• _Recorded information_:
● ● ●
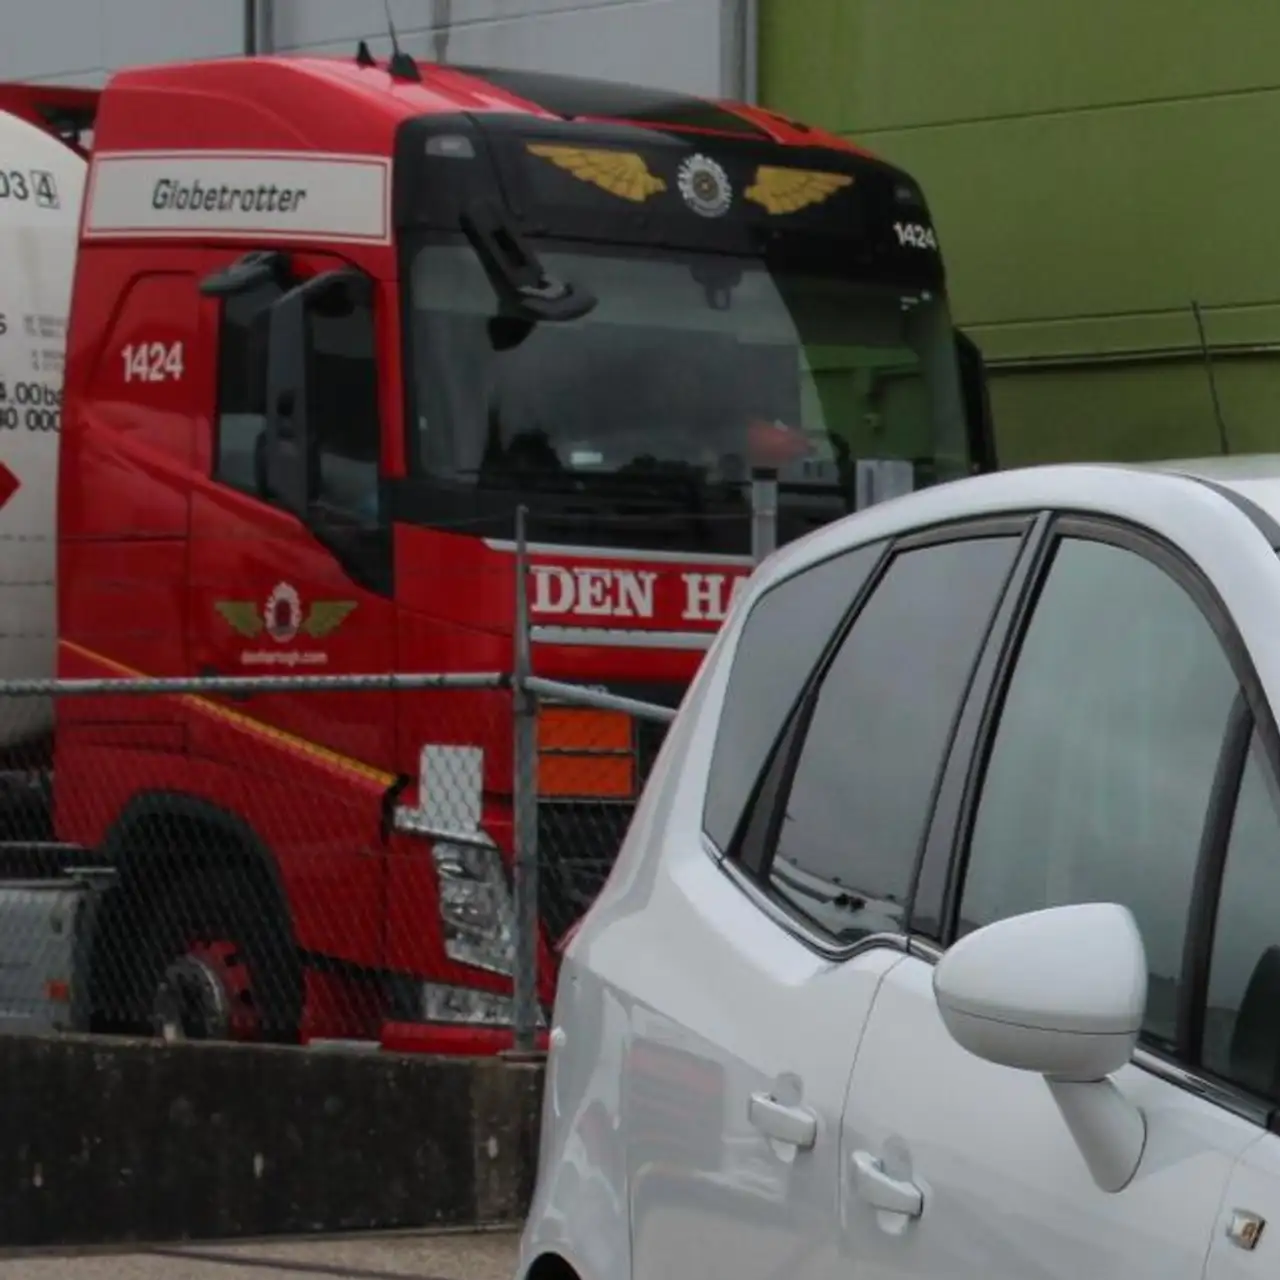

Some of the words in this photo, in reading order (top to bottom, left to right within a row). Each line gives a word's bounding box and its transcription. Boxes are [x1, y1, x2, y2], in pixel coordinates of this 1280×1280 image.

[152, 178, 307, 212] Globetrotter
[893, 221, 937, 249] 1424
[121, 341, 184, 382] 1424
[530, 565, 657, 618] DEN
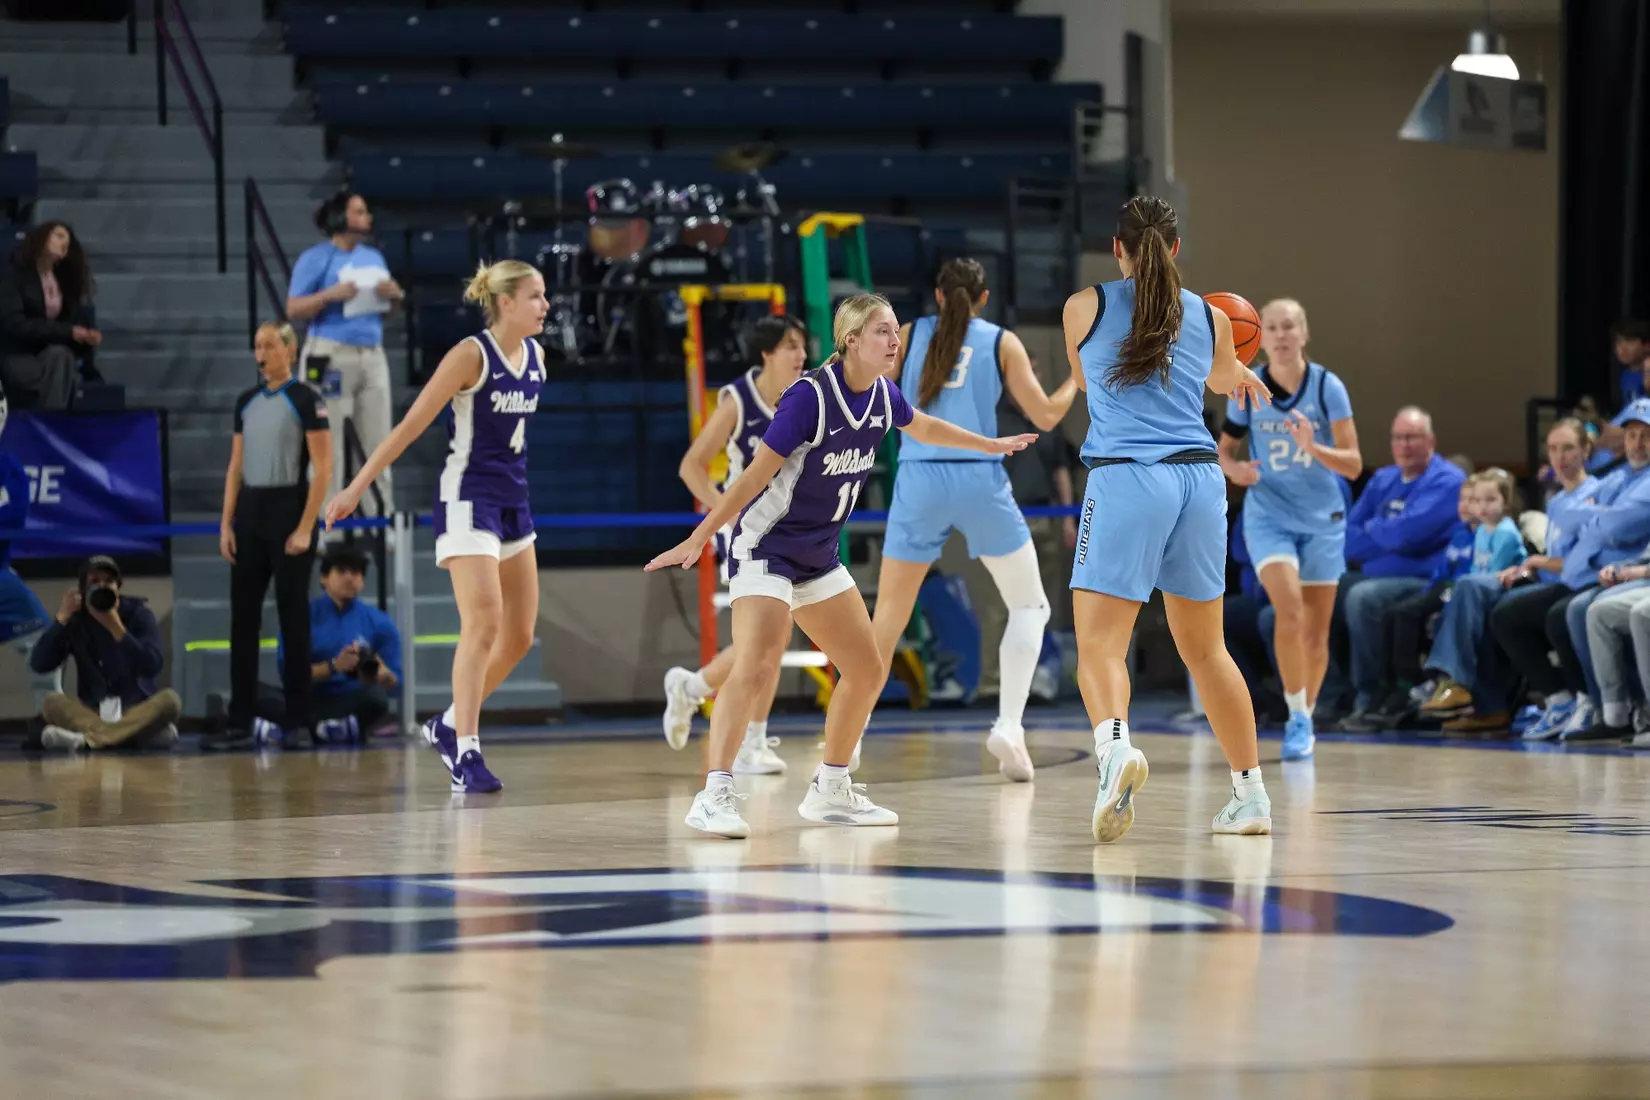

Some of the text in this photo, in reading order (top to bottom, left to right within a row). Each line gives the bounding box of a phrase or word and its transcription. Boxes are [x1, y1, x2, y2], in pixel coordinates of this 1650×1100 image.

[490, 390, 539, 414] Wildcat
[509, 417, 526, 454] 4
[821, 445, 876, 476] Wildcats
[1268, 439, 1313, 471] 24
[830, 480, 861, 523] 11
[1078, 498, 1096, 566] BLUEJAYS
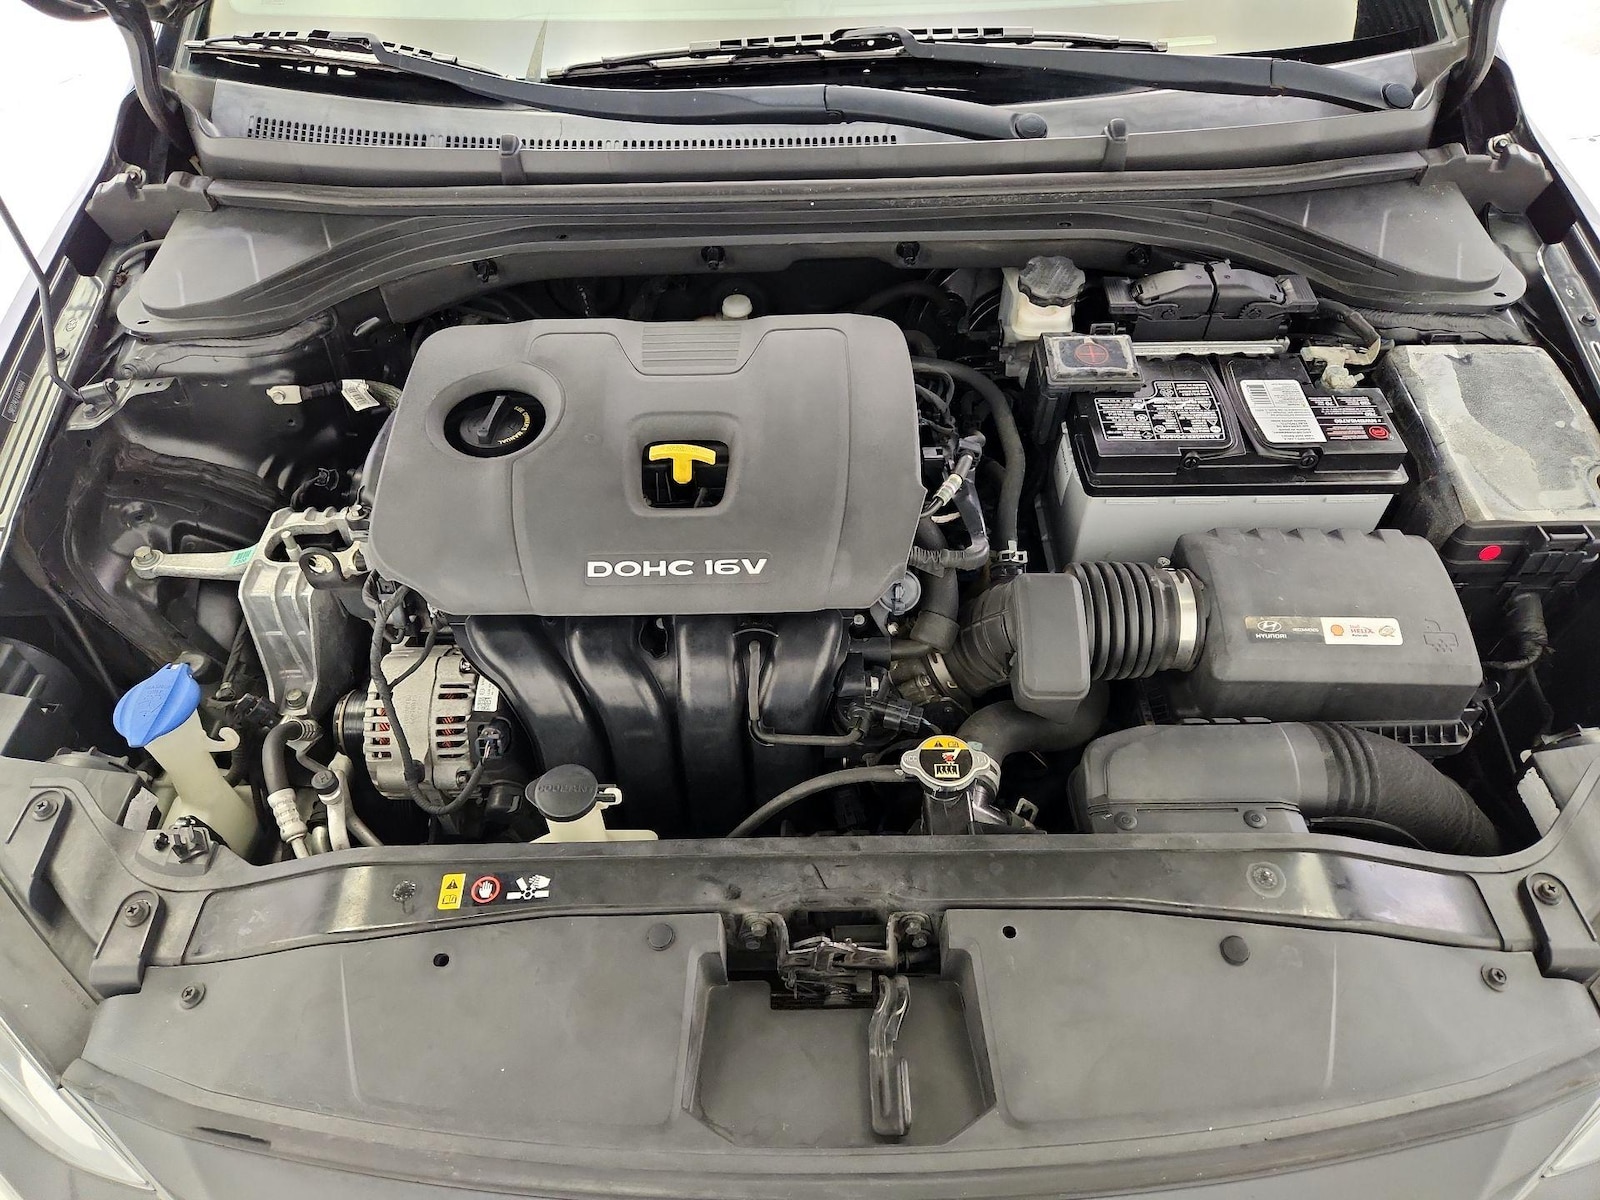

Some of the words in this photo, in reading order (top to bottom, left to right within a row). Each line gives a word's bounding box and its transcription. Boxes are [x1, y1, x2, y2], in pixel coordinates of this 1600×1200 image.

[498, 431, 523, 444] MANUAL
[586, 559, 695, 578] DOHC
[704, 558, 768, 576] 16V
● ● ●
• _Directions for this task_: An exact copy of every entry above is required, without the pictures.

• _Answer box_:
Some of the words in this photo, in reading order (top to bottom, left to right within a row). Each line gives a word's bounding box and its transcription. Boxes are [x1, y1, x2, y2], in pixel coordinates of this 1280×1280 image.

[152, 178, 307, 212] Globetrotter
[893, 221, 937, 249] 1424
[121, 341, 184, 382] 1424
[530, 565, 657, 618] DEN

Some of the text in this photo, in reading order (top to bottom, left to right within a row). Each line gives the bounding box of a phrase or word and its transcription. Boxes are [x1, y1, x2, y2], in pixel coordinates of this 1650×1100 image.

[490, 390, 539, 414] Wildcat
[509, 417, 526, 454] 4
[821, 445, 876, 476] Wildcats
[1268, 439, 1313, 471] 24
[830, 480, 861, 523] 11
[1078, 498, 1096, 566] BLUEJAYS

Some of the words in this photo, in reading order (top to bottom, left to right within a row). Each line gives a word's bounding box and its transcription. Boxes are [x1, y1, x2, y2], in pixel coordinates of this 1600×1200 image.

[498, 431, 523, 444] MANUAL
[586, 559, 695, 578] DOHC
[704, 558, 768, 576] 16V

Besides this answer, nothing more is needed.